“Primates lampiños suspicaces. El fuego encontraron, las manos se quemaron”
Mal Vasallo
“Soy, por fin lo he comprendido, enemigo de la humanidad”
Extremoduro
Bien, ustedes saben que una de las especialidades de este blog es señalar la mierda antropocéntrica que nos constituye histórica y socialmente, con el deseo de que el lector opte por demoler lo peor de sí mismo, y por supuesto, que en vez de chillar se ponga a tejer una nube de sueños rizomórficos. Para esta entrega les propongo el siguiente ejercicio: partiendo de que el humano es un ser arrogante que, ante la incomprensión, menosprecia aquello que no se ajusta a su realidad simbólica, podríamos hacer un recuento de algunas de las contradicciones a las que nos conduce la creencia de asumirnos como la puta cumbre de la existencia.

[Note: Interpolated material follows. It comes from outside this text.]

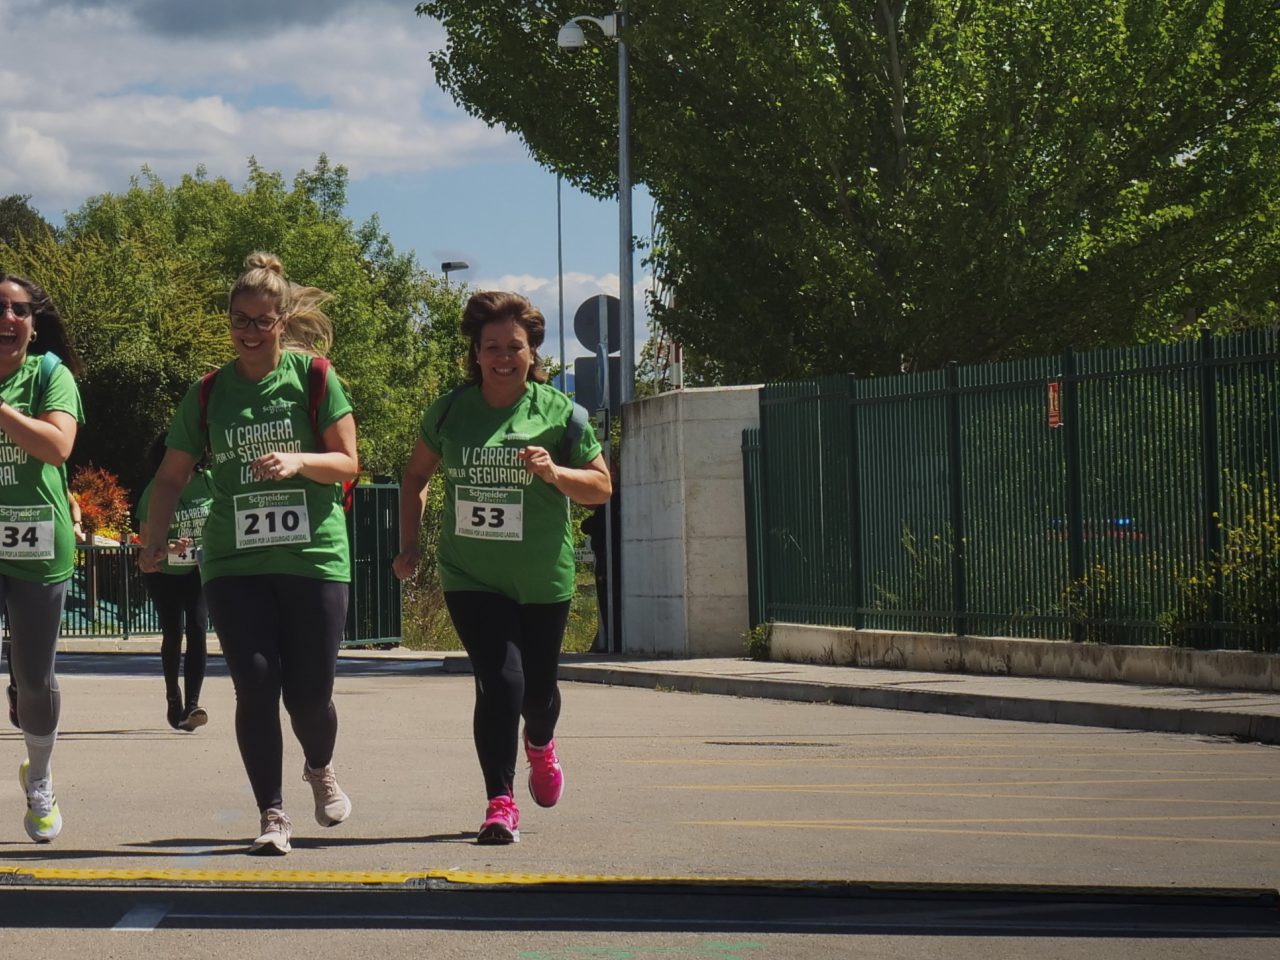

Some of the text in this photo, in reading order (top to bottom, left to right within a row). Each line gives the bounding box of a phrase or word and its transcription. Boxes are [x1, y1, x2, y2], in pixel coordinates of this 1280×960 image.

Les adelanto: esto va a ser como escupir para arriba, como probar el martillo que desintegra nuestro orgullo en su arqueología y matriz. Aquí no hay cabida para humanos mariquitas, de esos que son razonables y no usan su razón para observarse. ¿Se ha entendido? Tenemos que ser severos para reconocer el origen de tanta estupidez que acostumbramos decir, pensar, hacer (especialmente cuando su fundamento proviene de una desgastada obsesión de raíces narcisistas); y empezar por admitir que el espejo histórico de la vereda humana refleja a un animal enfermo, embaucado por sus propios engendros, decadente, que reprime torpemente sus sospechas de que además de la vida como cálculo existe una pluralidad radical de posibilidades para relacionarse con el mundo.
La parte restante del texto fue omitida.